• TASK GOAL
The records are to be copied word for word, and the pictures dropped.

[[ DATA FOR PROCESSING open ]]

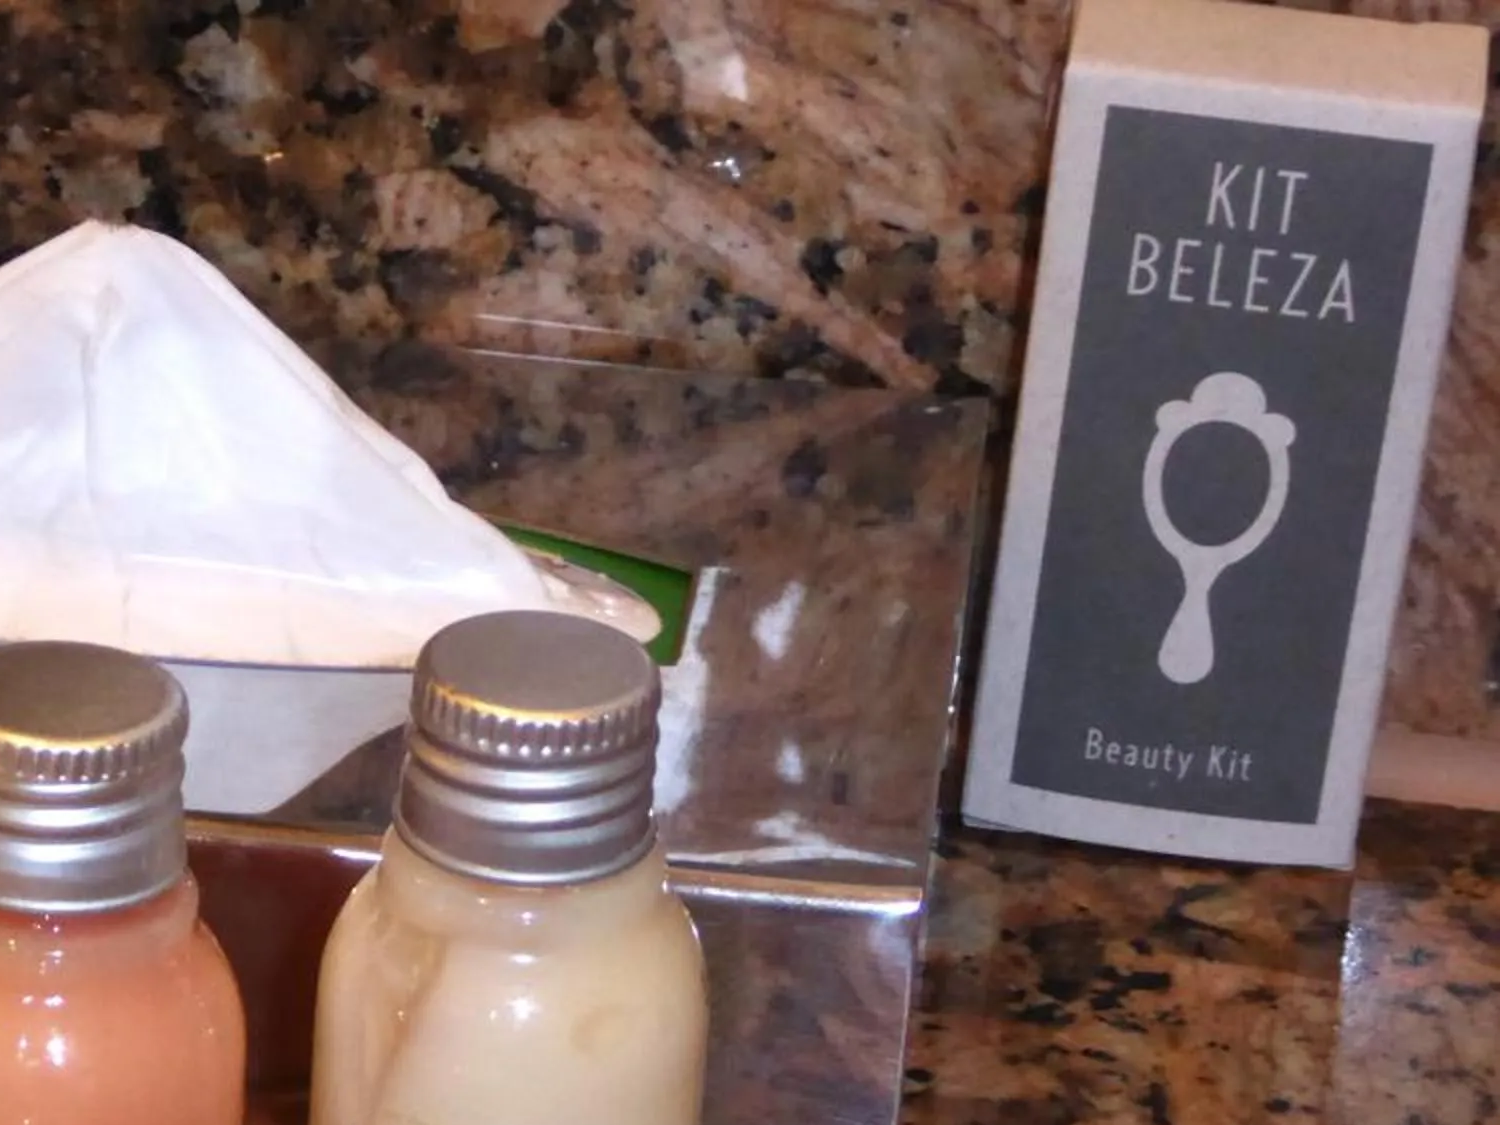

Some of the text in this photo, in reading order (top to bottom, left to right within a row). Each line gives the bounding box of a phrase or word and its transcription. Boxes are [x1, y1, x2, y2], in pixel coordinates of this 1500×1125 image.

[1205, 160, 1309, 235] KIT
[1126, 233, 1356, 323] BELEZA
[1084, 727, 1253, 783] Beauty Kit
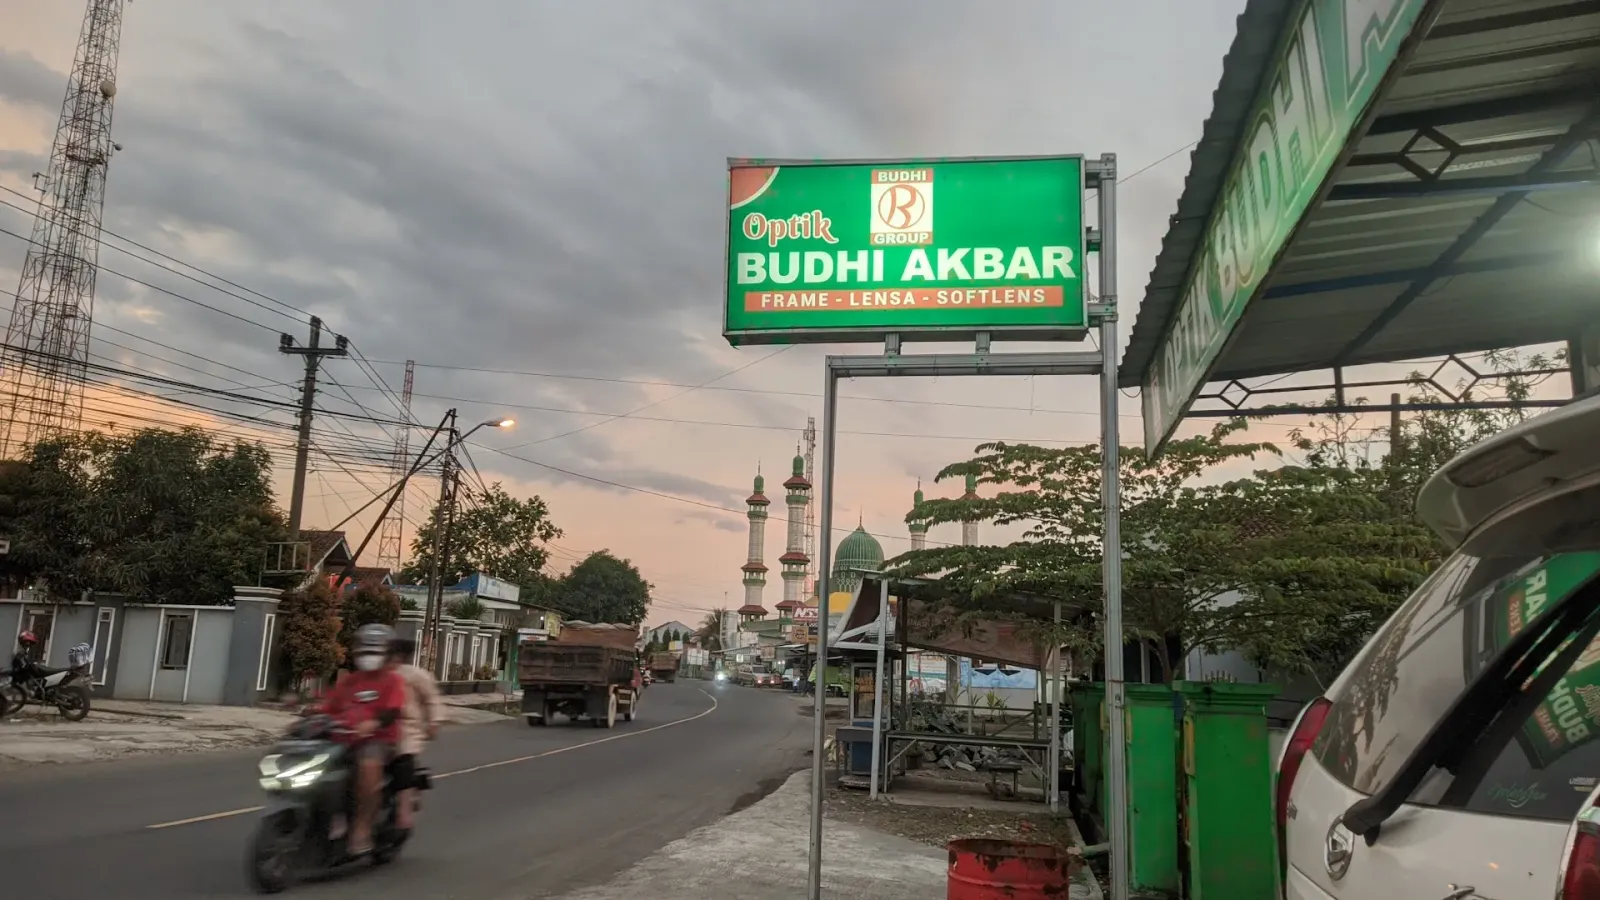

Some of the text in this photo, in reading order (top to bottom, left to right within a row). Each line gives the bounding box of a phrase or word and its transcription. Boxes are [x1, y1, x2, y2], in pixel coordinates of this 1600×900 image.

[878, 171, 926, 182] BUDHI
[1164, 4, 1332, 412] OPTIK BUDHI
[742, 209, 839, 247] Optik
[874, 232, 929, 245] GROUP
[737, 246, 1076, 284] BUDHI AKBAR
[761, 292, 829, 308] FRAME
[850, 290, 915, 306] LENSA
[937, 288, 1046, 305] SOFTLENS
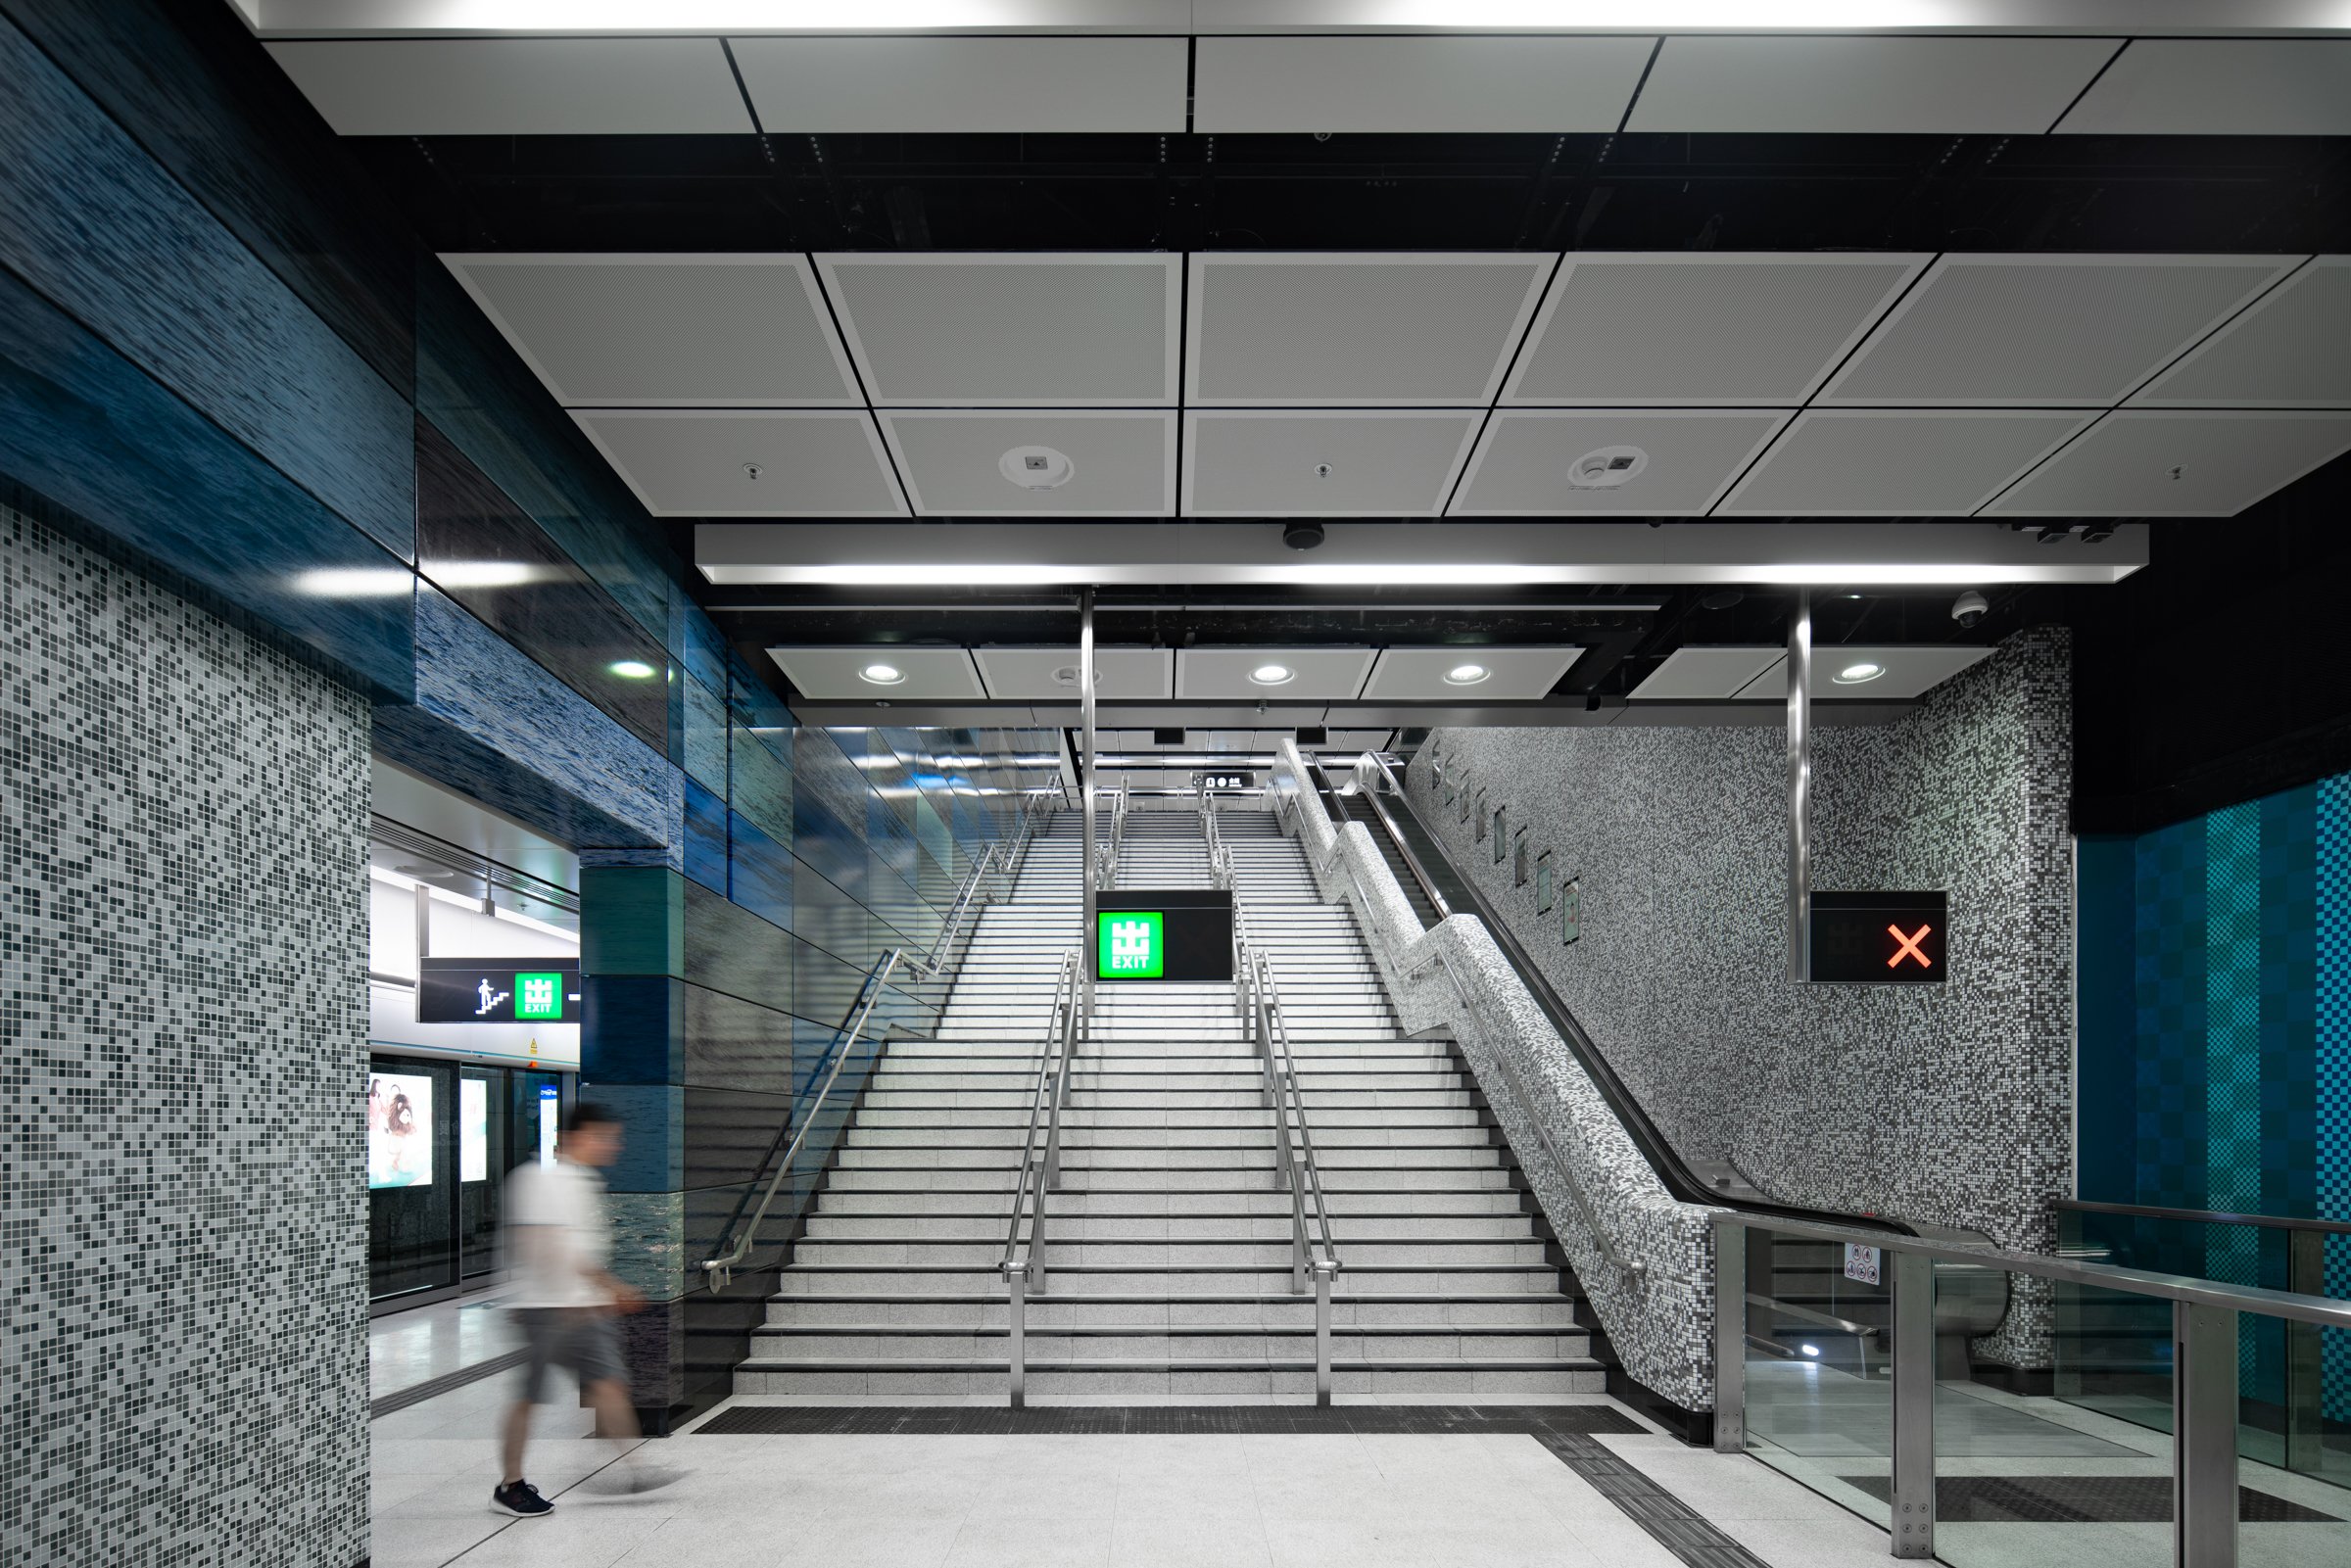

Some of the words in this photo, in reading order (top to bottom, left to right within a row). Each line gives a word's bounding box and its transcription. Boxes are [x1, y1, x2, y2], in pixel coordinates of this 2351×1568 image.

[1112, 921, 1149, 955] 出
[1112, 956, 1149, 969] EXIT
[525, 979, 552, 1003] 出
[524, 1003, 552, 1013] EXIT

[[ DATA FOR PROCESSING closed ]]

• SOLUTION
Some of the text in this photo, in reading order (top to bottom, left to right within a row). Each line gives the bounding box of a phrase or word and its transcription. Boxes are [x1, y1, x2, y2], in pixel coordinates of this 1500×1125 image.

[1205, 160, 1309, 235] KIT
[1126, 233, 1356, 323] BELEZA
[1084, 727, 1253, 783] Beauty Kit

Some of the text in this photo, in reading order (top to bottom, left to right within a row). Each line gives the bounding box of a phrase or word and its transcription. Boxes are [x1, y1, x2, y2], in pixel coordinates of this 1600×900 image.

[878, 171, 926, 182] BUDHI
[1164, 4, 1332, 412] OPTIK BUDHI
[742, 209, 839, 247] Optik
[874, 232, 929, 245] GROUP
[737, 246, 1076, 284] BUDHI AKBAR
[761, 292, 829, 308] FRAME
[850, 290, 915, 306] LENSA
[937, 288, 1046, 305] SOFTLENS

Some of the words in this photo, in reading order (top to bottom, left to right within a row). Each line gives a word's bounding box and its transcription. Boxes are [x1, y1, x2, y2], in pixel coordinates of this 2351×1568 image.

[1112, 921, 1149, 955] 出
[1112, 956, 1149, 969] EXIT
[525, 979, 552, 1003] 出
[524, 1003, 552, 1013] EXIT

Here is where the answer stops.